• _Exercise aim_
Apart from the pictures, every part of the records below gets retyped exactly.

Segment Start: Recorded information

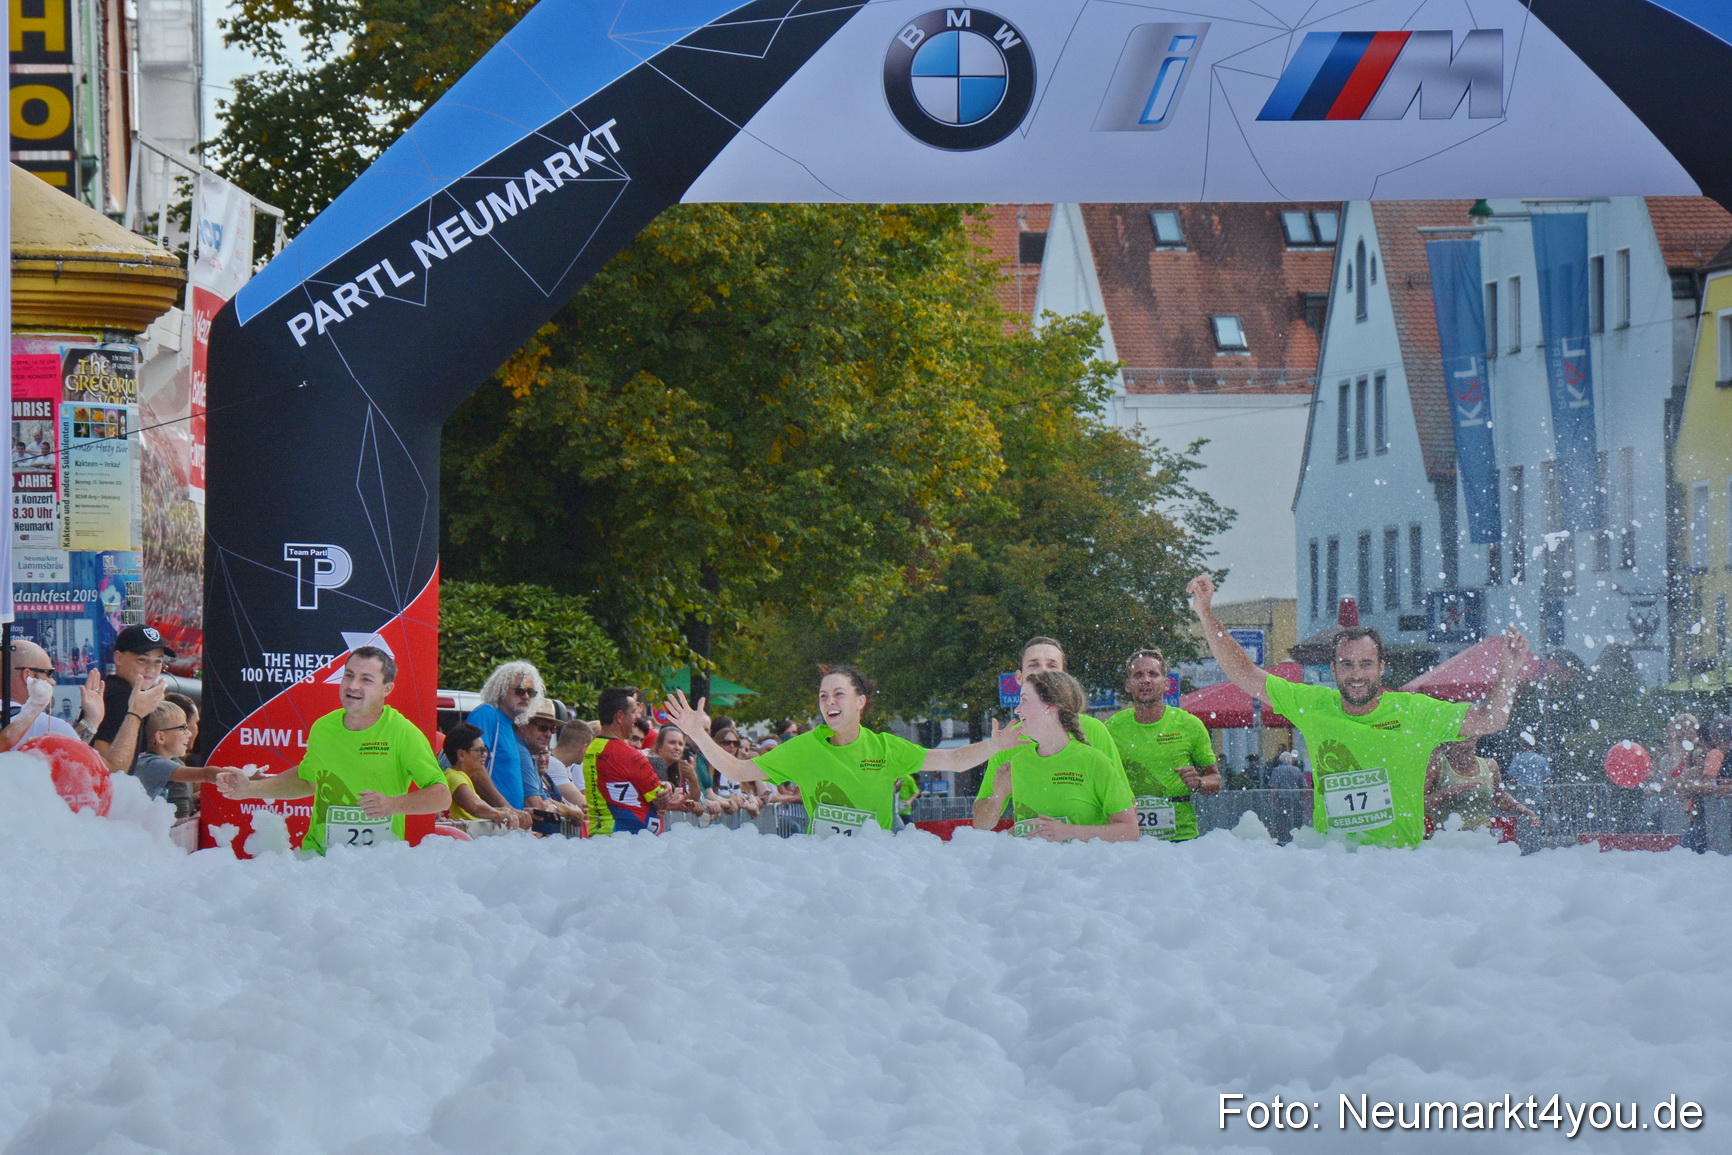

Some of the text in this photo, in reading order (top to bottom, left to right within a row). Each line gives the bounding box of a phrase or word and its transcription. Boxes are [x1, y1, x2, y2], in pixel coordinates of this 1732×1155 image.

[897, 9, 1022, 50] BMW
[287, 118, 621, 347] PARTL NEUMARKT
[1453, 356, 1484, 427] K&L
[11, 401, 51, 417] NRISE
[18, 474, 53, 488] JAHRE
[61, 421, 70, 547] Kakteen und andere Sukkulenten
[21, 494, 53, 504] Konzert
[36, 507, 53, 518] Uhr
[14, 521, 54, 532] Neumarkt
[288, 548, 309, 556] Team
[18, 561, 64, 570] Lammsbräu
[14, 589, 98, 604] dankfest 2019
[262, 653, 334, 669] THE NEXT
[240, 668, 315, 684] 100 YEARS
[240, 727, 292, 747] BMW
[1324, 770, 1381, 791] BOCK
[614, 783, 629, 801] 7
[240, 801, 314, 817] www.bm
[1343, 791, 1369, 812] 17
[818, 805, 873, 823] BOCK
[1137, 812, 1158, 826] 28
[1333, 811, 1388, 827] SEBASTIAN
[651, 821, 659, 834] 7

Segment End: Recorded information

• _Answer for the task_
Some of the text in this photo, in reading order (top to bottom, left to right within a row). Each line gives the bounding box of a phrase or word and its transcription. Boxes are [x1, y1, x2, y2], in pixel coordinates of this 1732×1155 image.

[897, 9, 1022, 50] BMW
[287, 118, 621, 347] PARTL NEUMARKT
[1453, 356, 1484, 427] K&L
[11, 401, 51, 417] NRISE
[18, 474, 53, 488] JAHRE
[61, 421, 70, 547] Kakteen und andere Sukkulenten
[21, 494, 53, 504] Konzert
[36, 507, 53, 518] Uhr
[14, 521, 54, 532] Neumarkt
[288, 548, 309, 556] Team
[18, 561, 64, 570] Lammsbräu
[14, 589, 98, 604] dankfest 2019
[262, 653, 334, 669] THE NEXT
[240, 668, 315, 684] 100 YEARS
[240, 727, 292, 747] BMW
[1324, 770, 1381, 791] BOCK
[614, 783, 629, 801] 7
[240, 801, 314, 817] www.bm
[1343, 791, 1369, 812] 17
[818, 805, 873, 823] BOCK
[1137, 812, 1158, 826] 28
[1333, 811, 1388, 827] SEBASTIAN
[651, 821, 659, 834] 7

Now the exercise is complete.